Language of instruction
Czech
Number of ECTS credits
5
Supervisor
Entry knowledge
Undergraduate courses from mathematics, physics, material science and mechanics.
Rules for evaluation and completion of the course
The course-unit credit is awarded on condition of meeting the following requirements: participation in all exercises and completion of tasks according to the teacher’s instructions.
In the written part of the exam, the student provides short answers to various questions. An oral question then follows, and complementary questions may arise and/or the student may have to defend their written part.
The exercises are compulsory, and any absence from these exercises must be properly excused. In case of absence, the student is required to submit a protocol to demonstrate understanding of the topic.
Aims
The course focuses on methods for securing the structural integrity of mechanical devices and structures from a materials perspective. The approaches consist of two parts: (i) the concept of the approach and strength or integrity calculation, and (ii) the evaluation of material resistance to failure based on mechanical testing.

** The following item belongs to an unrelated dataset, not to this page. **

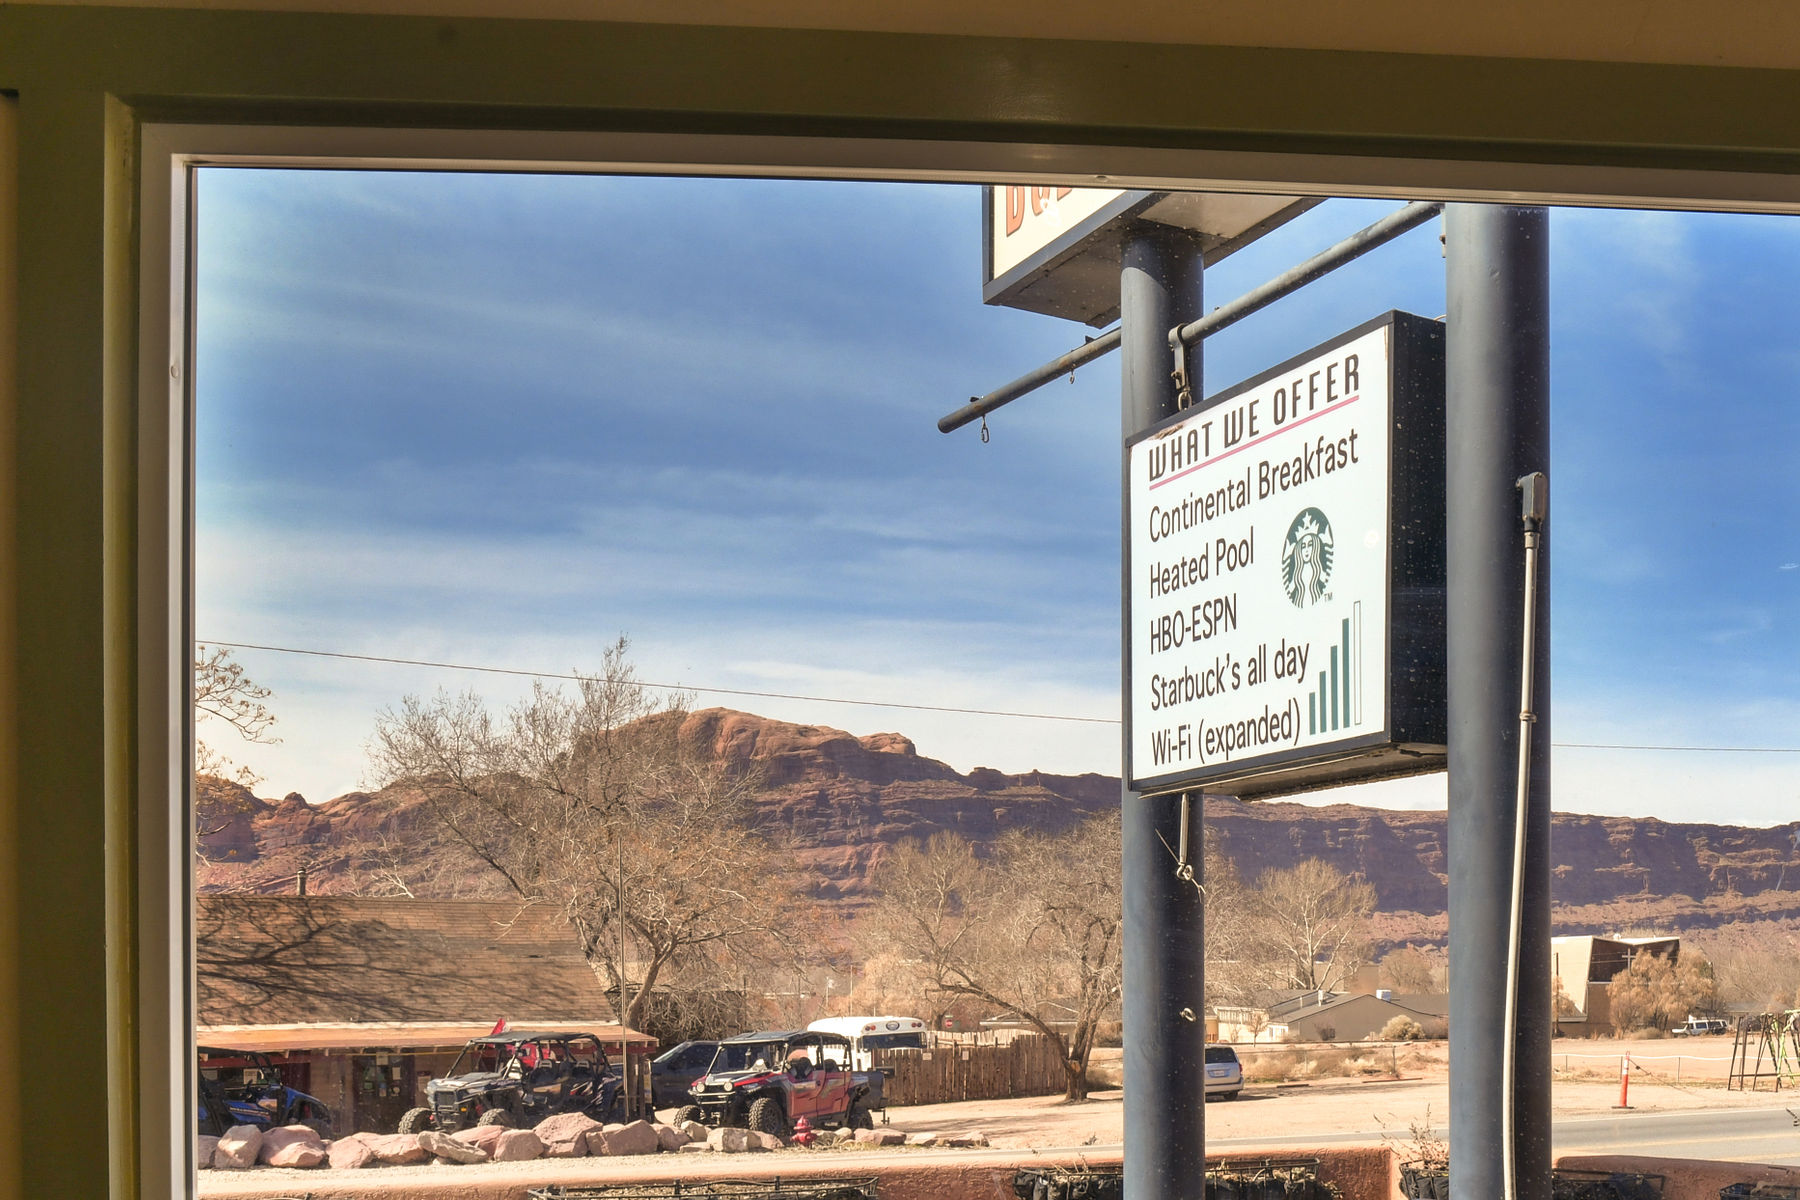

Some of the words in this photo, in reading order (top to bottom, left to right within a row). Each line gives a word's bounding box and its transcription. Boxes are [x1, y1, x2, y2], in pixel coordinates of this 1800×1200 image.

The aim of the course is to explain the principles of evaluating material resistance to failure using basic material characteristics such as yield stress, fracture toughness, or time-to-rupture curves.
The course enables students to gain an overview of the principles, measurement methods, and practical applications of mechanical and fracture mechanical characteristics of engineering materials.
Study aids
PowerPoint presentations of lectures, including PDF files explaining the material.
The study programmes with the given course
Programme N-IMB-P: Engineering Mechanics and Biomechanics, Master's
specialization BIO: Biomechanics, compulsory-optional
Programme N-IMB-P: Engineering Mechanics and Biomechanics, Master's
specialization IME: Engineering Mechanics, compulsory
Type of course unit
Lecture
26 hours, optionally
Syllabus
1. Limit states and materials design
2. Elastic and inelastic deformation
3. Plastic deformation – dislocations and strain hardening
4. Plastic deformation during uniaxial loading
5. Temperature dependence of plastic deformation; creep deformation
6. Material failures, fracture criteria
7. Parameters of Linear Elastic and Elastic Plastic Fracture Mechanics
8. Fracture toughness determination
9. Brittle fracture of steels – master curve concept
10. Weld joints failures and integrity evaluation methods
11. Fatigue damage and material failures
12. Damage superposition
13. Deformation and fracture of plastics and ceramics
Exercise
13 hours, compulsory
Syllabus
1. Visit to mechanical laboratories, literature, databases
2. Examples from elastic behaviour of materials
3. & 4. Plastic deformation and tensile test – examples
5. & 6. Transition behaviour of steels
7. & 8. Experimental fracture mechanics
9. Steels and steel weldments evaluation
10. & 11. Fatigue – selected examples
12. & 13. Application of knowledge for ceramics and plastics